Pro: Plenty of features and a full android system. The stereo output is wired directly up to the OEM Bose amplifiers, sounds great. Large responsive screen, this is also a con. The reverse camera image overrides the boot sequence for immediate use.

Con: Large screen causing the entire unit to *barely* fit within the NSX. The e-brake must be fully pulled up as the sharp part of the console will rub hard against the e-brake boot and the console barely clears the stereo face.

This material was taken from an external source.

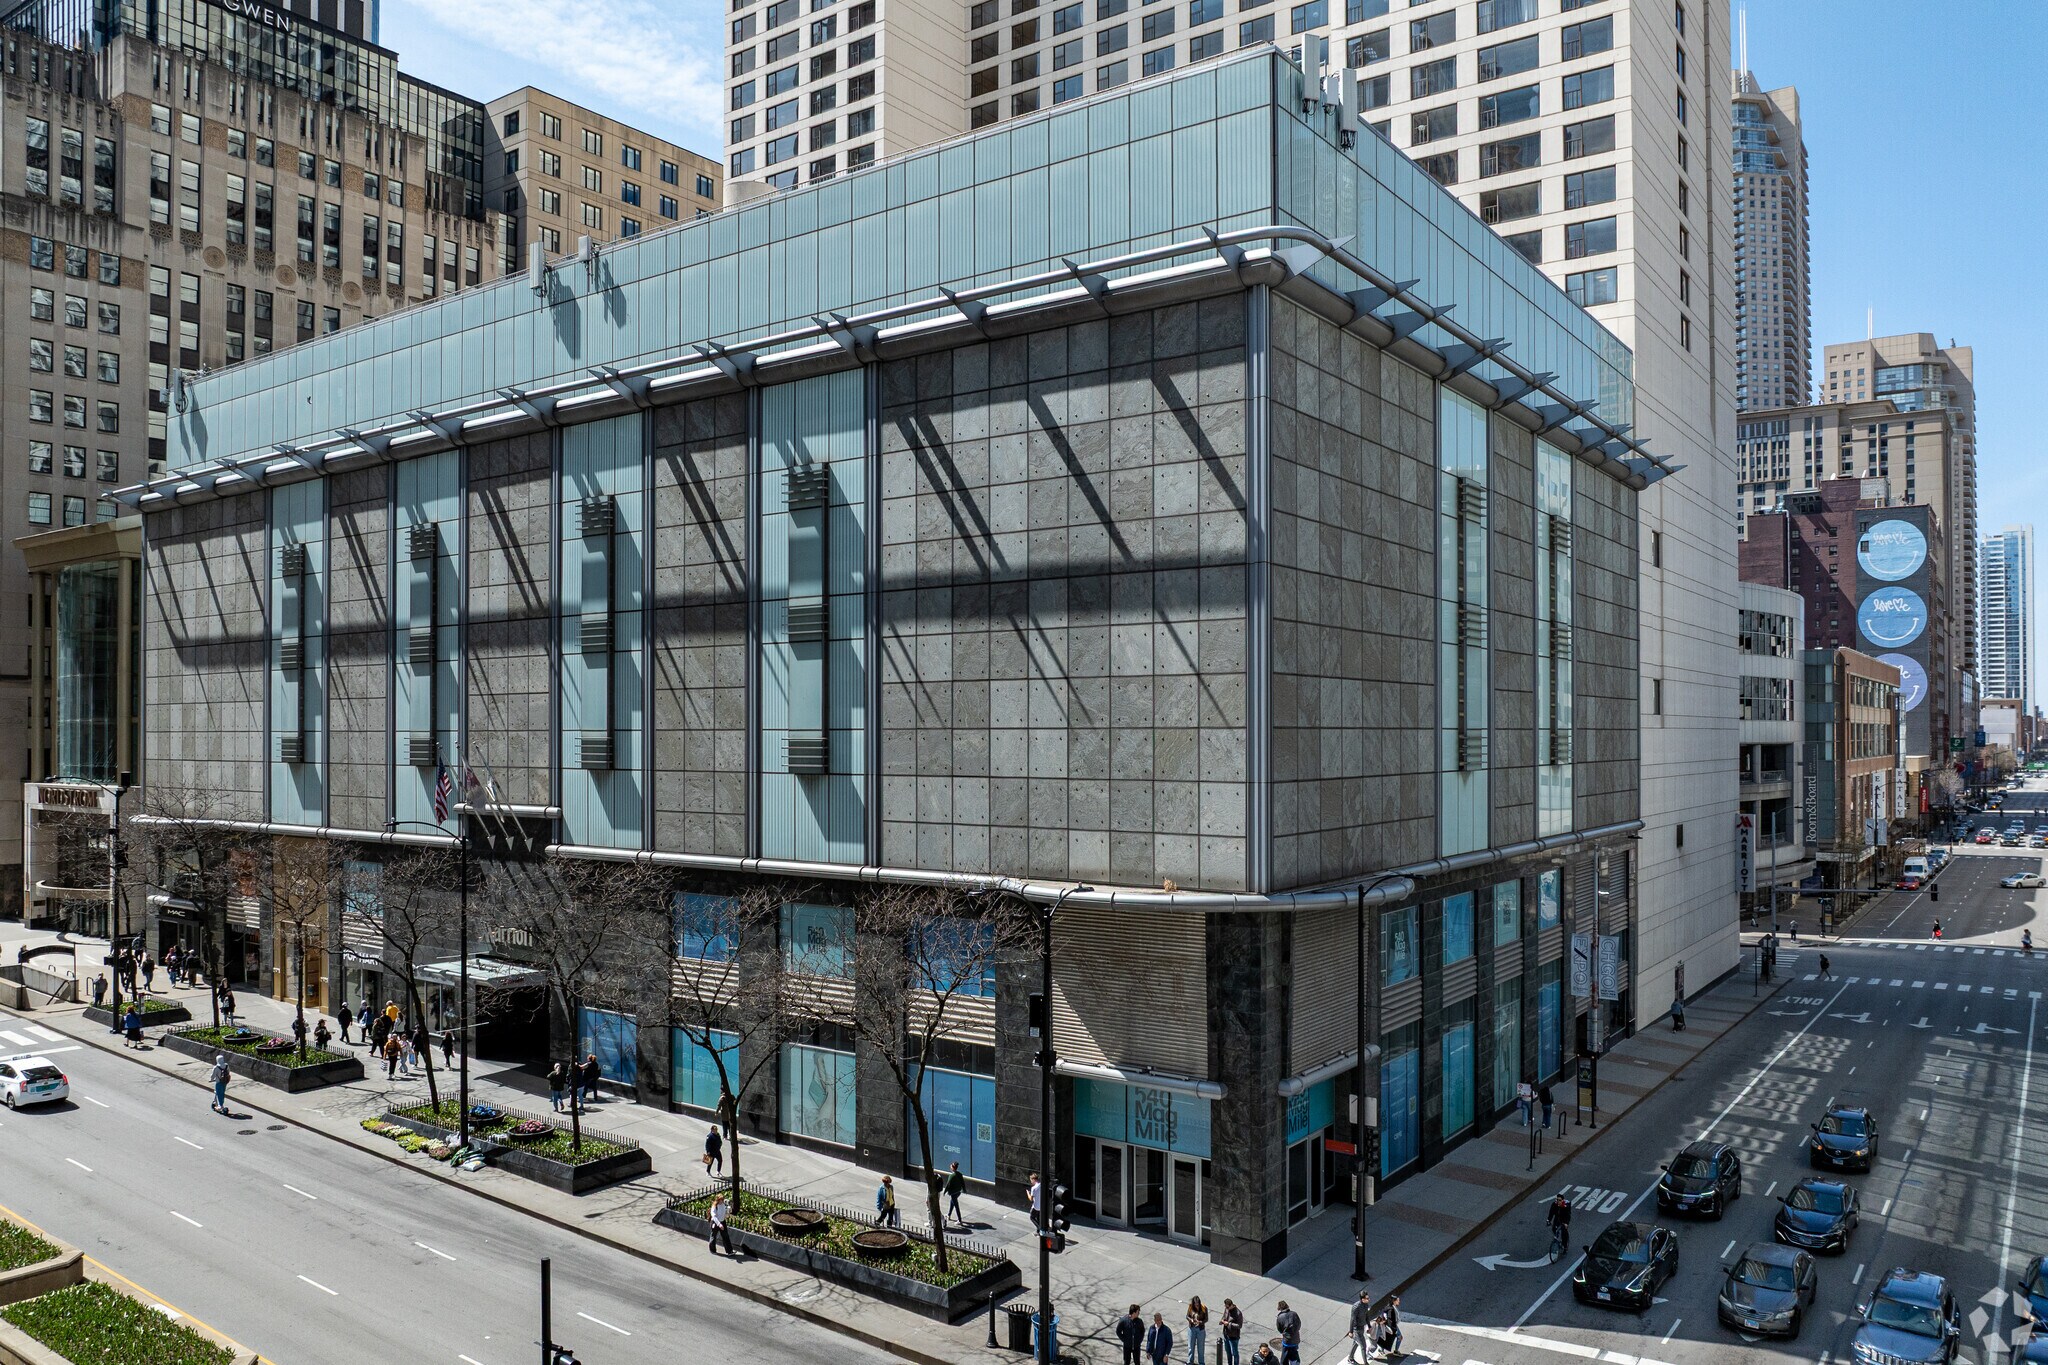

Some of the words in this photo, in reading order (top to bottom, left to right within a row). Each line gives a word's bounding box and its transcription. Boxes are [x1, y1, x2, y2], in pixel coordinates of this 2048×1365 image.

The biggest issue is that the ashtray cover does not close. I am not sure how to deal with it: possibly cutting out the back body of the stereo OR causing the stereo to be installed at a more vertical position (with a bonus of less sun glare).

**

The reverse camera went in without issue. I used the existing cell phone DIN 13 cable to carry the reverse camera signal and power. The round DIN-13 connectors make this all a snap. I routed the camera wire through the license plate light grommet. The grommet is very forgiving: pull out the grommet and harness. untape the wire seal in the center of the grommet, silicone spray the camera harness and push it through the grommet. Make sure you have the camera harness going the correct direction, retape, reinstall and you are in business. You can also pull in camera power from the brown 4 pin connector, use the pins closest to the barb.


Any pics of your setup?

Are you using a plug n play adapter for the speaker wiring? How's your radio reception? What antenna are you using?